Phrase grounding data
====

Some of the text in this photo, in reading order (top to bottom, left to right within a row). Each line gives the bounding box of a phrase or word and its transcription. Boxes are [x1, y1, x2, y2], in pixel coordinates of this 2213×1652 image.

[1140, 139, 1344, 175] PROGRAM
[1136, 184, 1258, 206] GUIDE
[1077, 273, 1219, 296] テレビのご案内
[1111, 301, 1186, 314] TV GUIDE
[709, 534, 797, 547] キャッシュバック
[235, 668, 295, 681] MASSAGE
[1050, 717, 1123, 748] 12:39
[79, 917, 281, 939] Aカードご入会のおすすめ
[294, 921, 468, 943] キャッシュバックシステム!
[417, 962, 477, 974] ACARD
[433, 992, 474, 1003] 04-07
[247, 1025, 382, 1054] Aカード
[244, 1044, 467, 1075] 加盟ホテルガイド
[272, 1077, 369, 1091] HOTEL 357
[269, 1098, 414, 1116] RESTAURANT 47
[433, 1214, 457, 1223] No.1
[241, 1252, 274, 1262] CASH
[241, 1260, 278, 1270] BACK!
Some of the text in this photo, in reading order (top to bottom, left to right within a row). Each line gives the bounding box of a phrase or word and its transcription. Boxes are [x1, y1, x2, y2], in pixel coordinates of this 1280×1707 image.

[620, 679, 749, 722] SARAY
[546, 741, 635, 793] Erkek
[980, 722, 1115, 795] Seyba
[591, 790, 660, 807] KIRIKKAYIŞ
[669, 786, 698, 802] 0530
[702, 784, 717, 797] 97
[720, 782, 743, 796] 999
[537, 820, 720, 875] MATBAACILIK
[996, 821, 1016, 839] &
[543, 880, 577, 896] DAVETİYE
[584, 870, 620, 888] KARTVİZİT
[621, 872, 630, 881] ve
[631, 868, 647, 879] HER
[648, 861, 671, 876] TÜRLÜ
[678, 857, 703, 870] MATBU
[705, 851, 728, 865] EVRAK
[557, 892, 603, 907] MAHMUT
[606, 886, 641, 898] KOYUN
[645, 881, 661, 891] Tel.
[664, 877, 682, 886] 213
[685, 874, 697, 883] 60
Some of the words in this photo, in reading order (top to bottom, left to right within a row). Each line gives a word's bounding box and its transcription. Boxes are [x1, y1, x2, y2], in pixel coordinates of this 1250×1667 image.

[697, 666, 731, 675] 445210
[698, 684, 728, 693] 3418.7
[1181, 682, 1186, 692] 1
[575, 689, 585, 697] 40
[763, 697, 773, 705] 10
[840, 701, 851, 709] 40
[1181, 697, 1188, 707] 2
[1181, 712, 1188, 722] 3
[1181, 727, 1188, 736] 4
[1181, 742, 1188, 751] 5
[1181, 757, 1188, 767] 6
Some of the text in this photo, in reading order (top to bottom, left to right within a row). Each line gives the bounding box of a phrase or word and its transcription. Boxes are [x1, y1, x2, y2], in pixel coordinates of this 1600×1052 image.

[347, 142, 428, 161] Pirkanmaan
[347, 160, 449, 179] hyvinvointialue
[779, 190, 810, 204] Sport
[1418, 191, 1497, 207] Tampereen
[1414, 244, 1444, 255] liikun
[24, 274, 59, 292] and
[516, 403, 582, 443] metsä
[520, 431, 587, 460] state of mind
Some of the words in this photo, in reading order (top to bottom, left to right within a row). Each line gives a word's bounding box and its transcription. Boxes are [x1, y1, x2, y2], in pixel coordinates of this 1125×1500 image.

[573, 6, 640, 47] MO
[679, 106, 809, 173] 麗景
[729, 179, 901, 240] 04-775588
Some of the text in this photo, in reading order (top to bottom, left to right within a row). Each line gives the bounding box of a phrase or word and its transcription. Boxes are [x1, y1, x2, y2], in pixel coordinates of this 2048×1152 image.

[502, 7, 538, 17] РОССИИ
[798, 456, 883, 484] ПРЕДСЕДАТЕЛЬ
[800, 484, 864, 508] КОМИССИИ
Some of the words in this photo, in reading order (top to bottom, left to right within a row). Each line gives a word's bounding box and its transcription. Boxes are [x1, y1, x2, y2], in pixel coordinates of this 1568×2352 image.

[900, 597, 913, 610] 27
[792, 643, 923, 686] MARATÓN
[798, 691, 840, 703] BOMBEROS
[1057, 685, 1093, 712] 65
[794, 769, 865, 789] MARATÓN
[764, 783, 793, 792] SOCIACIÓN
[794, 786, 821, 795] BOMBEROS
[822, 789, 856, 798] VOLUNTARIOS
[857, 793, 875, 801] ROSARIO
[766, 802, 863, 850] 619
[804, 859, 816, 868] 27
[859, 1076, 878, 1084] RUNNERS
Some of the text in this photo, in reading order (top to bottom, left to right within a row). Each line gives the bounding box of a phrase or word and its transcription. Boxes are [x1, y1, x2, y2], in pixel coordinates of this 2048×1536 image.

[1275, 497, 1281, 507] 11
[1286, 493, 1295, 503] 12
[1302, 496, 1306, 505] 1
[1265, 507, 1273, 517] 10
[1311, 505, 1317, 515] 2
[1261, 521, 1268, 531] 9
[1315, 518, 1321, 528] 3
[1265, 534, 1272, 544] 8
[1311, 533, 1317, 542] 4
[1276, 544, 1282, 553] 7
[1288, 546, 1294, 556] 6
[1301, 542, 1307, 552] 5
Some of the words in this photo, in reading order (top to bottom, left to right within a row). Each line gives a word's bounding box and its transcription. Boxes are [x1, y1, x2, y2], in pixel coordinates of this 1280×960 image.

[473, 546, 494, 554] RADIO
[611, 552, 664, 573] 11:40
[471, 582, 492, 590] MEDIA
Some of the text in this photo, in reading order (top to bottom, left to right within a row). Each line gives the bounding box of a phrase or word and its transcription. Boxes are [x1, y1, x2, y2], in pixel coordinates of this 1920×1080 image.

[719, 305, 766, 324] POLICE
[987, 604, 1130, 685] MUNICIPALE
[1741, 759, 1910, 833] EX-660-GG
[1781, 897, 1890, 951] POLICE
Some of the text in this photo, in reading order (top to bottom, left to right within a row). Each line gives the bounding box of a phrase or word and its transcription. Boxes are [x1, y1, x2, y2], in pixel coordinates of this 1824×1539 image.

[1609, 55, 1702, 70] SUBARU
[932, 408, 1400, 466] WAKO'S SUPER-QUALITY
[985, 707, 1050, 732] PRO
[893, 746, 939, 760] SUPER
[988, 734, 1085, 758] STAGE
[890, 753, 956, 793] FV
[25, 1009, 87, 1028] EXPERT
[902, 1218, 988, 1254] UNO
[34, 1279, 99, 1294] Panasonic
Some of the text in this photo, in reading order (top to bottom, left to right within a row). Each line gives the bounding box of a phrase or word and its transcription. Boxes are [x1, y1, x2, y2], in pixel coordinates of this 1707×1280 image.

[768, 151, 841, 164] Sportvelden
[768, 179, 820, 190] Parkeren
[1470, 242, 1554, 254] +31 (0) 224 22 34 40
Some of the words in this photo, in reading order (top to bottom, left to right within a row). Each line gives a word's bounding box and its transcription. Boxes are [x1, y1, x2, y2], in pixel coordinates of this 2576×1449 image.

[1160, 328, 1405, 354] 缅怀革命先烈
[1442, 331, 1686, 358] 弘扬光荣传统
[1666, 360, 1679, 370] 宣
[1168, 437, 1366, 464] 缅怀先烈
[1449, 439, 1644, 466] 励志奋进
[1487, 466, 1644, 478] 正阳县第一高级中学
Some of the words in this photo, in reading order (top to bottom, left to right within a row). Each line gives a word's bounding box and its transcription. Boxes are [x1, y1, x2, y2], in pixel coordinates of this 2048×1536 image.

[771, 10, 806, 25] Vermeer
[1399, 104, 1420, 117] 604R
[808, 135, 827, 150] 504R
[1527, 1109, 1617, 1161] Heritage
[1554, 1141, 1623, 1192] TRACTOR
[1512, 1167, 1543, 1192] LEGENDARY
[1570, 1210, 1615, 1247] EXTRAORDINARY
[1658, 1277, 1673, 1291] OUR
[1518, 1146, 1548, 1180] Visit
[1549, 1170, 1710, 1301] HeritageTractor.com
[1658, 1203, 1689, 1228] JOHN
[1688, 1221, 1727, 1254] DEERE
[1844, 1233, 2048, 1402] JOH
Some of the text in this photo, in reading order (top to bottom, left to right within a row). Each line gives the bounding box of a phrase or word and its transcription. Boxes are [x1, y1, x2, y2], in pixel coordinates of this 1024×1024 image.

====

- WHAT TO PRODUCE -
Copy, word for word, the line that contains "this 1707×1280 image." and every line after it through the end of the records, and nothing else.

- TASK OUTPUT -
Some of the text in this photo, in reading order (top to bottom, left to right within a row). Each line gives the bounding box of a phrase or word and its transcription. Boxes are [x1, y1, x2, y2], in pixel coordinates of this 1707×1280 image.

[768, 151, 841, 164] Sportvelden
[768, 179, 820, 190] Parkeren
[1470, 242, 1554, 254] +31 (0) 224 22 34 40
Some of the words in this photo, in reading order (top to bottom, left to right within a row). Each line gives a word's bounding box and its transcription. Boxes are [x1, y1, x2, y2], in pixel coordinates of this 2576×1449 image.

[1160, 328, 1405, 354] 缅怀革命先烈
[1442, 331, 1686, 358] 弘扬光荣传统
[1666, 360, 1679, 370] 宣
[1168, 437, 1366, 464] 缅怀先烈
[1449, 439, 1644, 466] 励志奋进
[1487, 466, 1644, 478] 正阳县第一高级中学
Some of the words in this photo, in reading order (top to bottom, left to right within a row). Each line gives a word's bounding box and its transcription. Boxes are [x1, y1, x2, y2], in pixel coordinates of this 2048×1536 image.

[771, 10, 806, 25] Vermeer
[1399, 104, 1420, 117] 604R
[808, 135, 827, 150] 504R
[1527, 1109, 1617, 1161] Heritage
[1554, 1141, 1623, 1192] TRACTOR
[1512, 1167, 1543, 1192] LEGENDARY
[1570, 1210, 1615, 1247] EXTRAORDINARY
[1658, 1277, 1673, 1291] OUR
[1518, 1146, 1548, 1180] Visit
[1549, 1170, 1710, 1301] HeritageTractor.com
[1658, 1203, 1689, 1228] JOHN
[1688, 1221, 1727, 1254] DEERE
[1844, 1233, 2048, 1402] JOH
Some of the text in this photo, in reading order (top to bottom, left to right within a row). Each line gives the bounding box of a phrase or word and its transcription. Boxes are [x1, y1, x2, y2], in pixel coordinates of this 1024×1024 image.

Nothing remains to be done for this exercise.